• _WHAT YOU WILL DO_
Reproduce the lines below verbatim. Pictures are to be omitted.

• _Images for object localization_
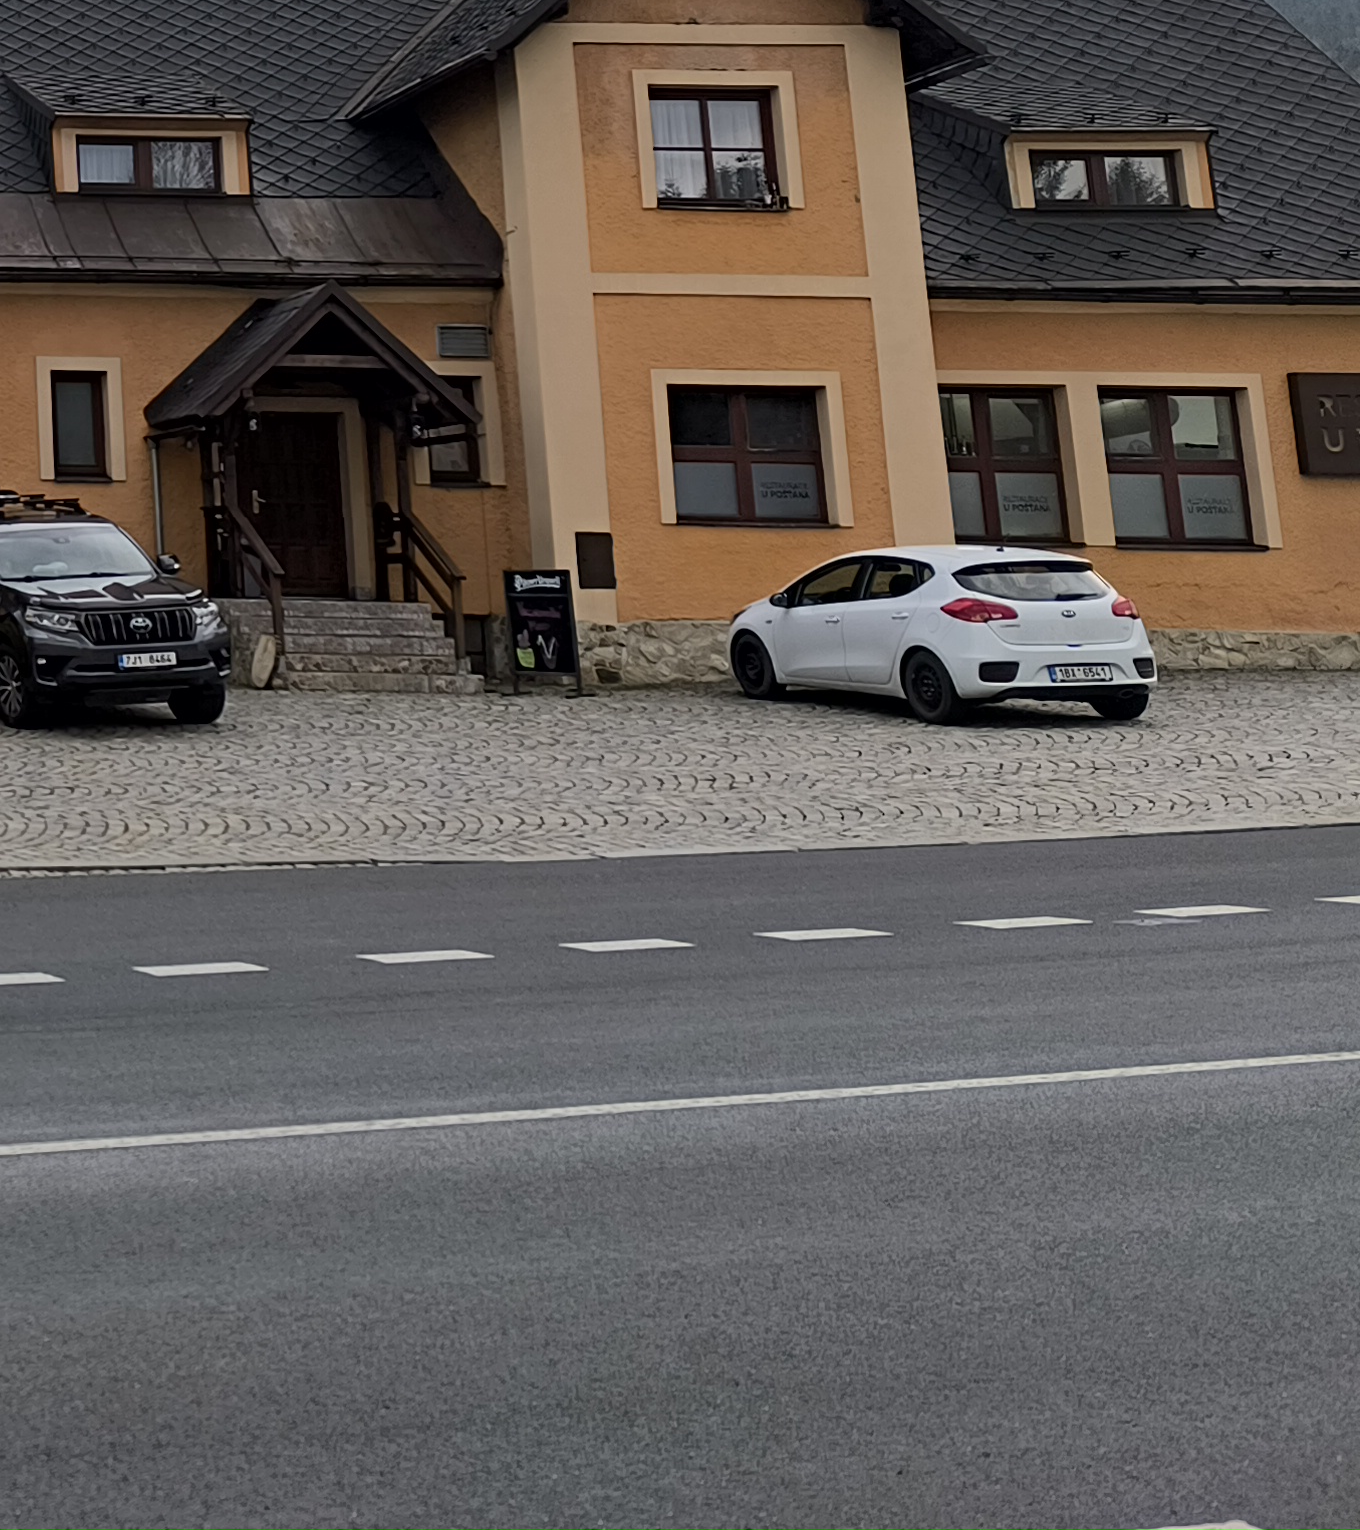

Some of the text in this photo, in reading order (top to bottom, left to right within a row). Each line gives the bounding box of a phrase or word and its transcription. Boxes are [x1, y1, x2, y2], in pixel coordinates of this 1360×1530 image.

[1321, 426, 1345, 452] U
[1059, 667, 1107, 678] 1BX 6541
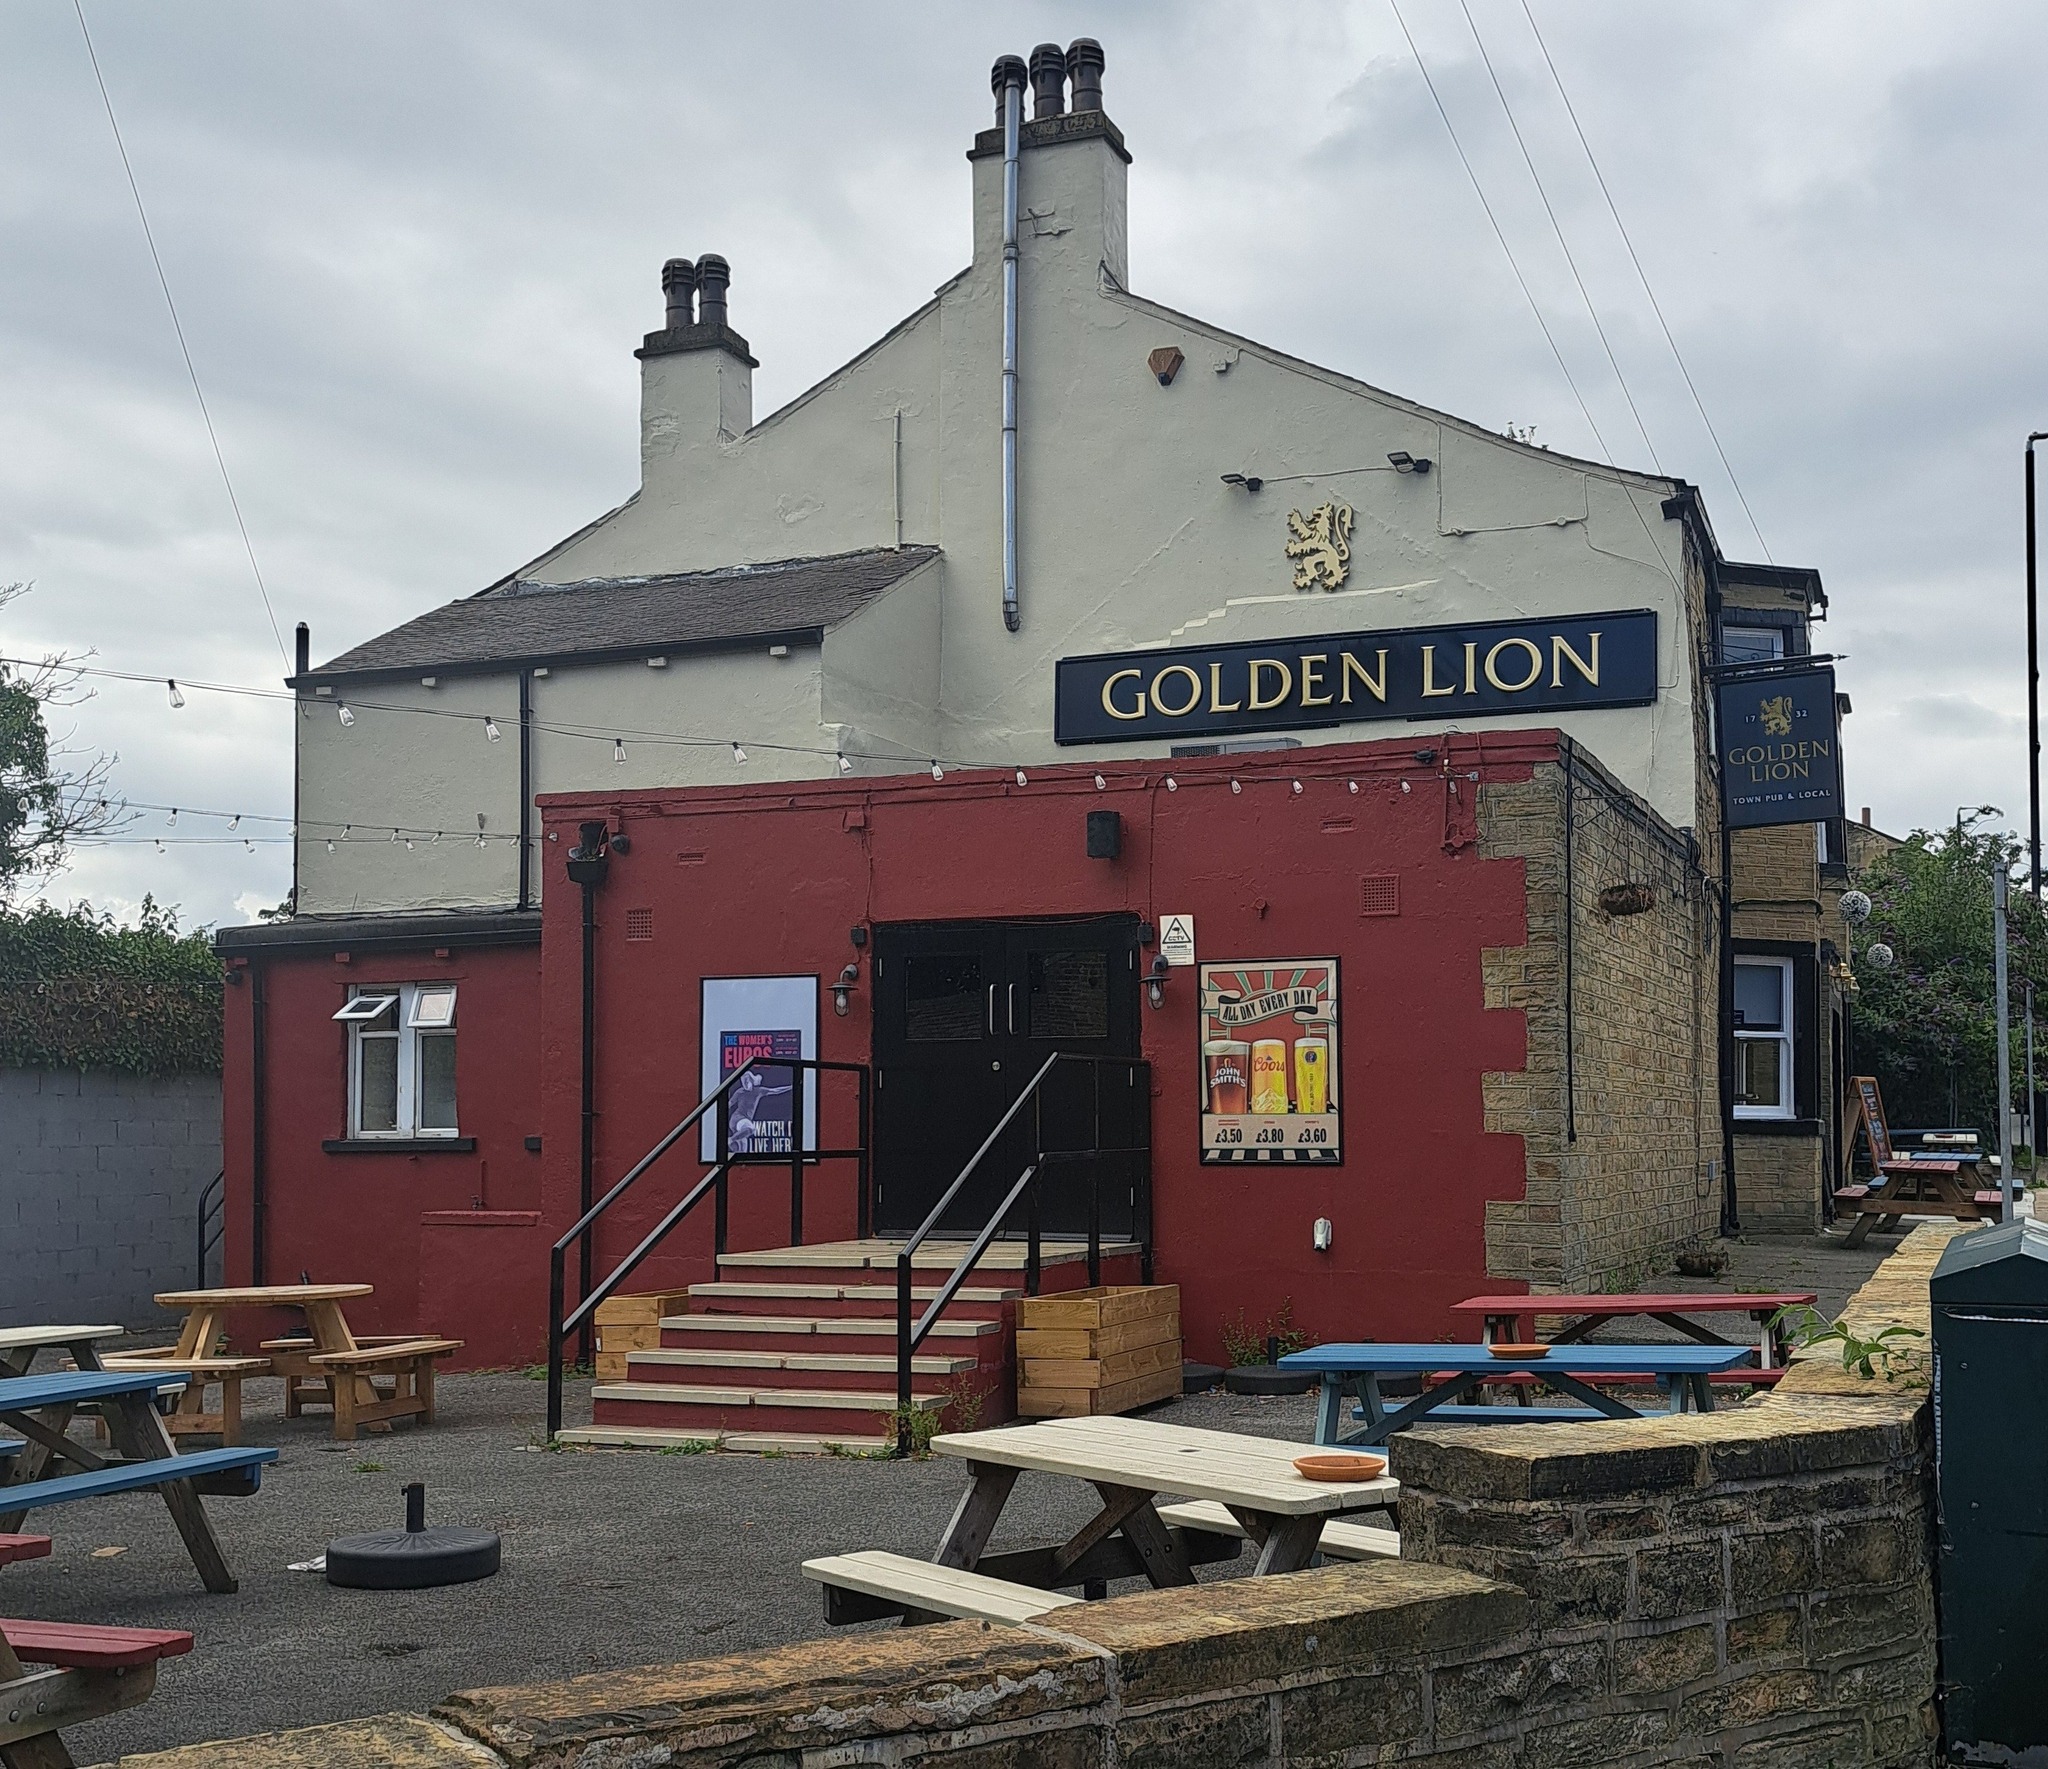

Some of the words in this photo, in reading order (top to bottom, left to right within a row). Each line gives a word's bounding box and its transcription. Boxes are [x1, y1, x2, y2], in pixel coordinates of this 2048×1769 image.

[1100, 648, 1390, 721] GOLDEN
[1420, 632, 1603, 698] LION
[1745, 715, 1756, 723] 17
[1795, 709, 1808, 718] 32
[1728, 739, 1829, 765] GOLDEN
[1751, 760, 1810, 782] LION
[1733, 796, 1762, 805] TOWN
[1765, 793, 1784, 802] PUB
[1787, 792, 1795, 800] &
[1799, 789, 1831, 799] LOCAL
[1222, 1006, 1239, 1021] ALL
[1240, 1003, 1257, 1020] DAY
[1259, 992, 1290, 1013] EVERY
[1294, 989, 1313, 1005] DAY
[725, 1035, 738, 1045] THE
[739, 1034, 773, 1045] WOMEN'S
[1214, 1066, 1241, 1078] JOHN
[1253, 1057, 1285, 1072] Coors
[1210, 1075, 1247, 1089] SMITH'S
[753, 1120, 785, 1137] WATCH
[1215, 1128, 1243, 1144] £3.50
[1255, 1128, 1284, 1144] £3.80
[1298, 1127, 1327, 1144] £3.60
[749, 1138, 771, 1152] LIVE
[772, 1137, 793, 1152] HER

• _YOUR RESPONSE_
Some of the text in this photo, in reading order (top to bottom, left to right within a row). Each line gives the bounding box of a phrase or word and its transcription. Boxes are [x1, y1, x2, y2], in pixel coordinates of this 1360×1530 image.

[1321, 426, 1345, 452] U
[1059, 667, 1107, 678] 1BX 6541

Some of the words in this photo, in reading order (top to bottom, left to right within a row). Each line gives a word's bounding box and its transcription. Boxes are [x1, y1, x2, y2], in pixel coordinates of this 2048×1769 image.

[1100, 648, 1390, 721] GOLDEN
[1420, 632, 1603, 698] LION
[1745, 715, 1756, 723] 17
[1795, 709, 1808, 718] 32
[1728, 739, 1829, 765] GOLDEN
[1751, 760, 1810, 782] LION
[1733, 796, 1762, 805] TOWN
[1765, 793, 1784, 802] PUB
[1787, 792, 1795, 800] &
[1799, 789, 1831, 799] LOCAL
[1222, 1006, 1239, 1021] ALL
[1240, 1003, 1257, 1020] DAY
[1259, 992, 1290, 1013] EVERY
[1294, 989, 1313, 1005] DAY
[725, 1035, 738, 1045] THE
[739, 1034, 773, 1045] WOMEN'S
[1214, 1066, 1241, 1078] JOHN
[1253, 1057, 1285, 1072] Coors
[1210, 1075, 1247, 1089] SMITH'S
[753, 1120, 785, 1137] WATCH
[1215, 1128, 1243, 1144] £3.50
[1255, 1128, 1284, 1144] £3.80
[1298, 1127, 1327, 1144] £3.60
[749, 1138, 771, 1152] LIVE
[772, 1137, 793, 1152] HER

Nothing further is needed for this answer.